TASK:
With the images omitted, return all of the entries exactly as they stand.
· · ·
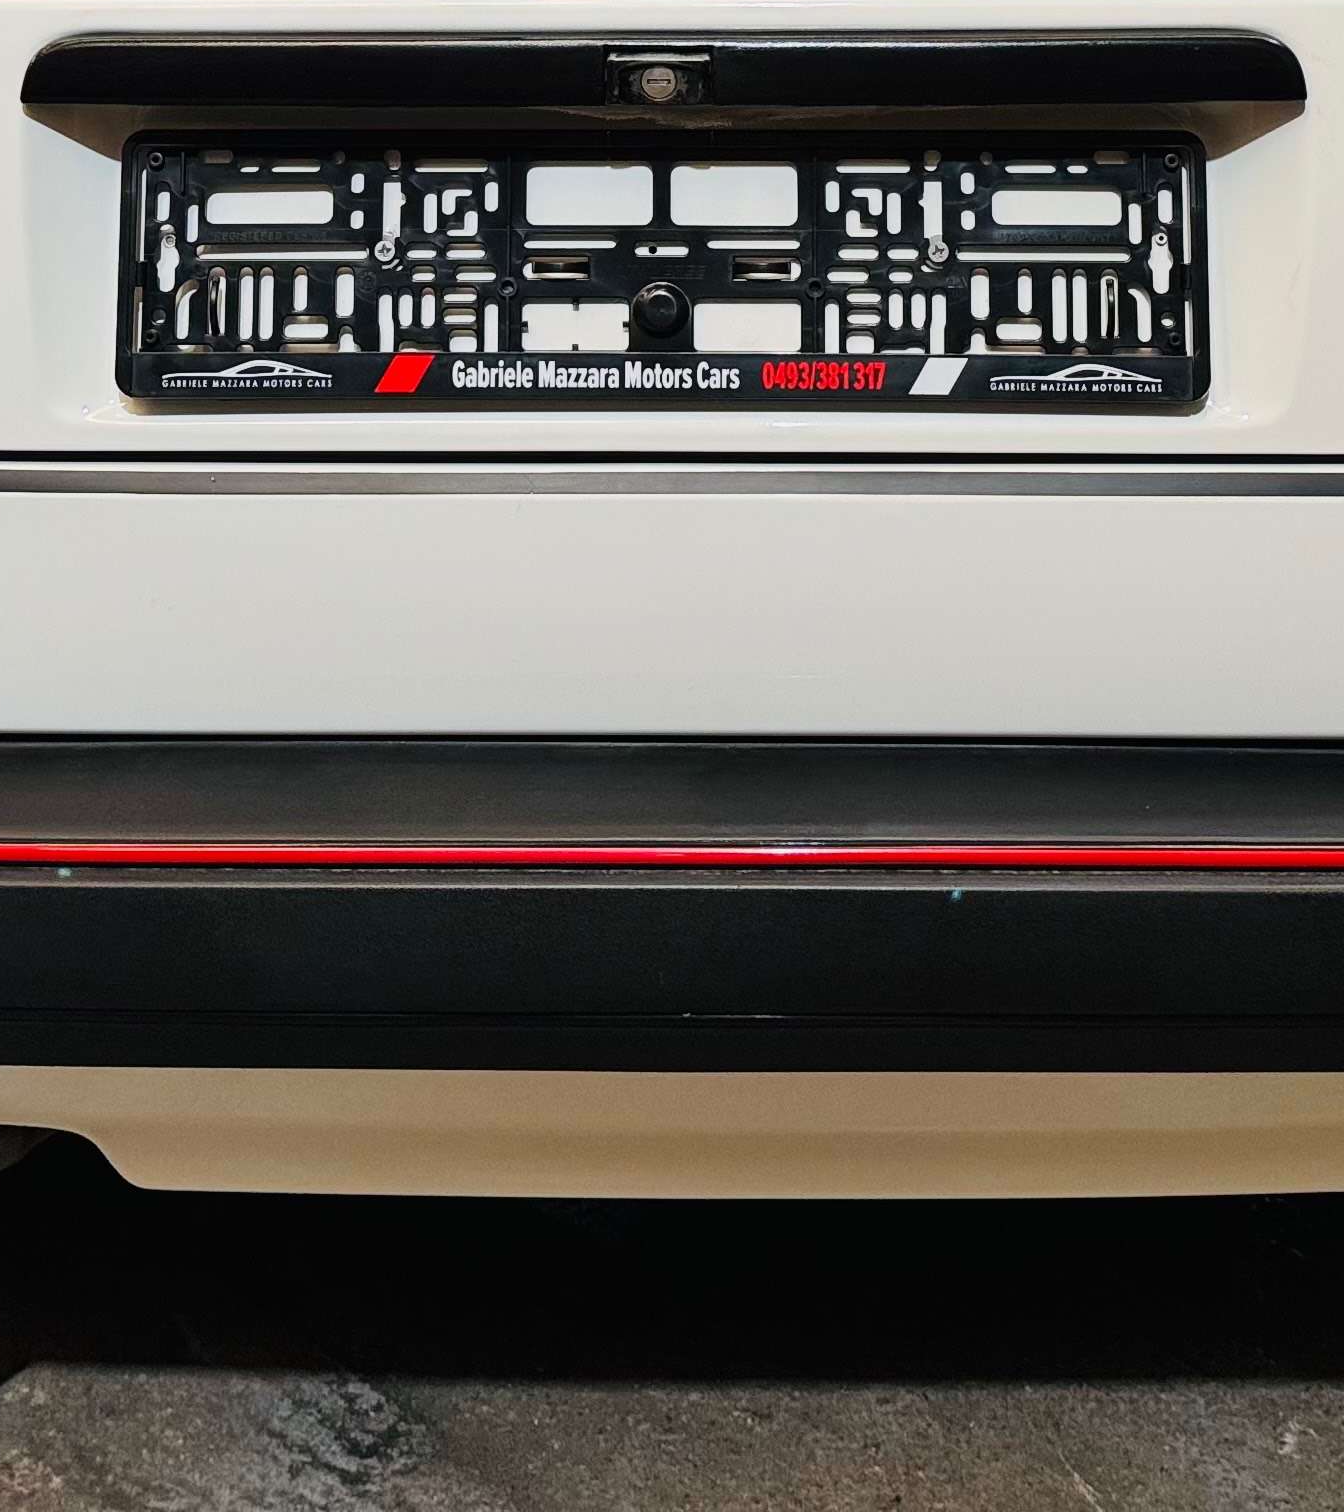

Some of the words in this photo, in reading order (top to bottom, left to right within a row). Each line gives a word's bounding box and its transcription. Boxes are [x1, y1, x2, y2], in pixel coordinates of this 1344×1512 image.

[452, 360, 534, 390] Gabriele
[538, 361, 620, 390] Mazzara
[625, 361, 693, 390] Motors
[697, 361, 741, 390] Cars
[161, 379, 208, 389] GABRIELE
[212, 379, 259, 389] MAZZARA
[263, 378, 303, 389] MOTORS
[307, 378, 333, 389] CARS
[989, 382, 1037, 393] GABRIELE
[1040, 382, 1089, 393] MAZZARA
[1091, 381, 1133, 393] MOTORS
[1136, 382, 1163, 393] CARS
· · ·
RESPONSE TO THIS TASK:
Some of the words in this photo, in reading order (top to bottom, left to right within a row). Each line gives a word's bounding box and its transcription. Boxes are [x1, y1, x2, y2], in pixel coordinates of this 1344×1512 image.

[452, 360, 534, 390] Gabriele
[538, 361, 620, 390] Mazzara
[625, 361, 693, 390] Motors
[697, 361, 741, 390] Cars
[161, 379, 208, 389] GABRIELE
[212, 379, 259, 389] MAZZARA
[263, 378, 303, 389] MOTORS
[307, 378, 333, 389] CARS
[989, 382, 1037, 393] GABRIELE
[1040, 382, 1089, 393] MAZZARA
[1091, 381, 1133, 393] MOTORS
[1136, 382, 1163, 393] CARS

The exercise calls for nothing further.